→ WORK TO COMPLETE
Every line of the material must be restated exactly, though not its pictures.
:::::
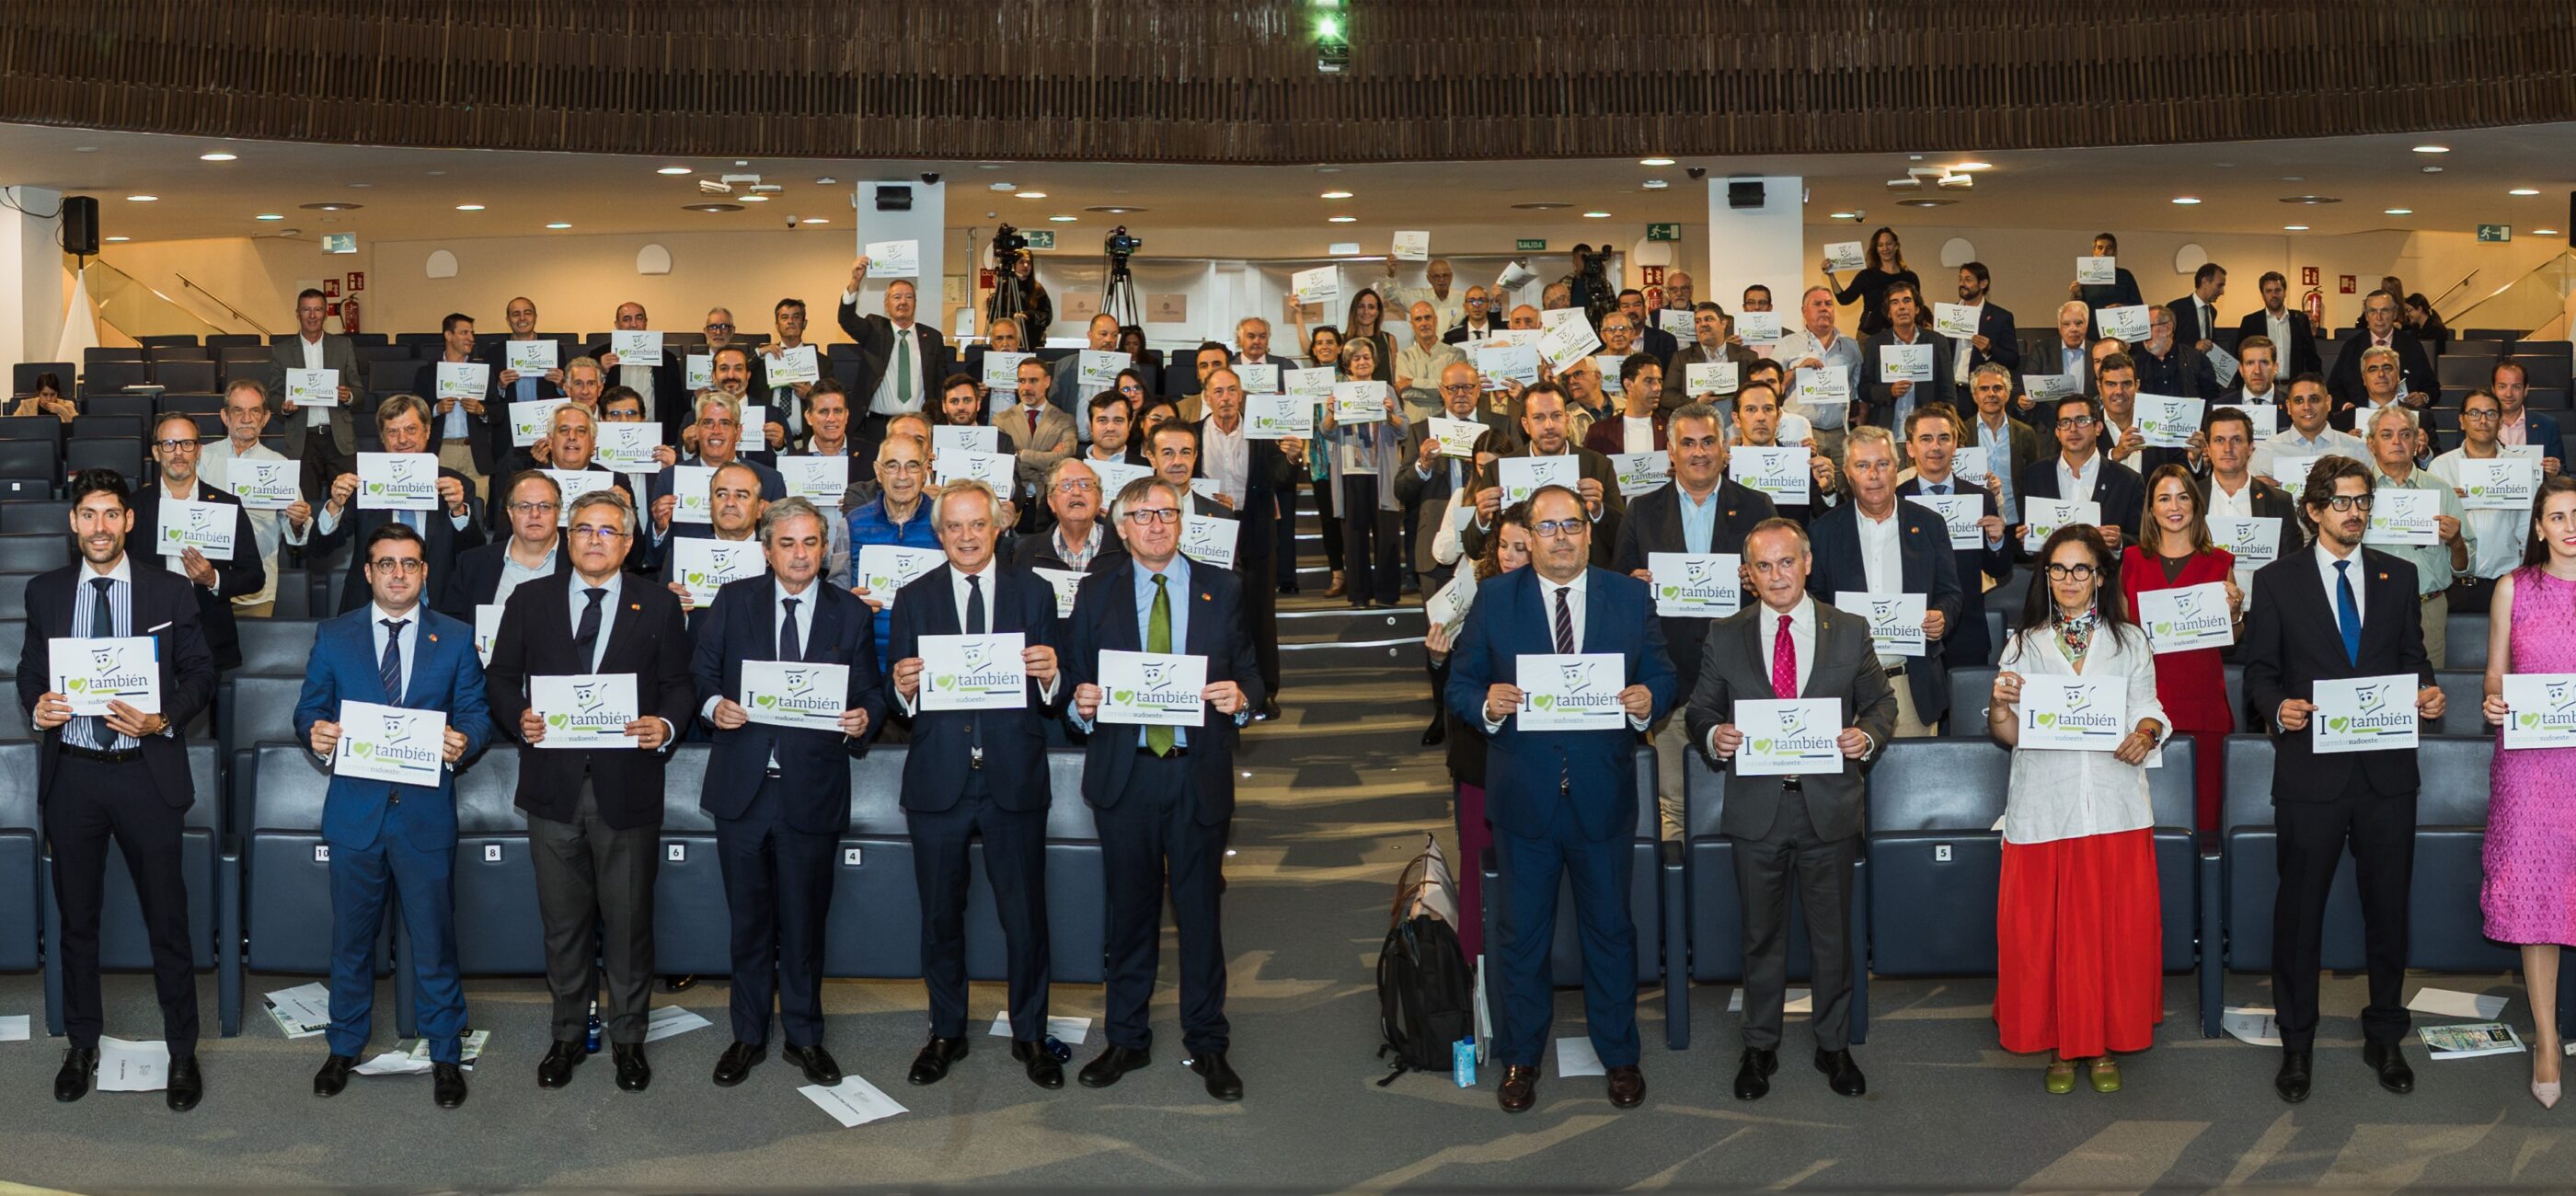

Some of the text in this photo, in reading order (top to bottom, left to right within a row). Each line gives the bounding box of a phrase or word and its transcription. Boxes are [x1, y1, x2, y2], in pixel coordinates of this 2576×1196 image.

[1274, 417, 1310, 426] también
[2158, 421, 2197, 432] también
[615, 448, 654, 457] tambié
[1631, 471, 1667, 481] también
[1759, 477, 1805, 487] también
[253, 485, 295, 495] también
[386, 482, 433, 493] también
[802, 481, 842, 490] también
[2486, 484, 2528, 494] también
[2389, 516, 2433, 527] también
[184, 530, 230, 544] también
[1183, 544, 1230, 558] también
[2231, 542, 2272, 554] también
[680, 569, 687, 587] I
[1654, 582, 1735, 602] I también
[2146, 615, 2227, 639] I también
[481, 636, 488, 653] I
[60, 673, 148, 695] I también
[926, 672, 1020, 693] I también
[747, 690, 840, 710] I también
[1104, 686, 1200, 706] I también
[1524, 692, 1618, 712] I también
[570, 711, 632, 725] también
[2028, 709, 2117, 729] I también
[2319, 712, 2413, 735] I también
[2510, 710, 2576, 730] I tamb
[343, 736, 436, 762] I también
[1744, 736, 1834, 755] I también
[317, 849, 328, 857] 10
[489, 848, 496, 857] 8
[673, 848, 679, 857] 6
[1940, 849, 1947, 857] 5
:::::
→ RESULT
Some of the text in this photo, in reading order (top to bottom, left to right within a row). Each line gives the bounding box of a phrase or word and its transcription. Boxes are [x1, y1, x2, y2], in pixel coordinates of this 2576×1196 image.

[1274, 417, 1310, 426] también
[2158, 421, 2197, 432] también
[615, 448, 654, 457] tambié
[1631, 471, 1667, 481] también
[1759, 477, 1805, 487] también
[253, 485, 295, 495] también
[386, 482, 433, 493] también
[802, 481, 842, 490] también
[2486, 484, 2528, 494] también
[2389, 516, 2433, 527] también
[184, 530, 230, 544] también
[1183, 544, 1230, 558] también
[2231, 542, 2272, 554] también
[680, 569, 687, 587] I
[1654, 582, 1735, 602] I también
[2146, 615, 2227, 639] I también
[481, 636, 488, 653] I
[60, 673, 148, 695] I también
[926, 672, 1020, 693] I también
[747, 690, 840, 710] I también
[1104, 686, 1200, 706] I también
[1524, 692, 1618, 712] I también
[570, 711, 632, 725] también
[2028, 709, 2117, 729] I también
[2319, 712, 2413, 735] I también
[2510, 710, 2576, 730] I tamb
[343, 736, 436, 762] I también
[1744, 736, 1834, 755] I también
[317, 849, 328, 857] 10
[489, 848, 496, 857] 8
[673, 848, 679, 857] 6
[1940, 849, 1947, 857] 5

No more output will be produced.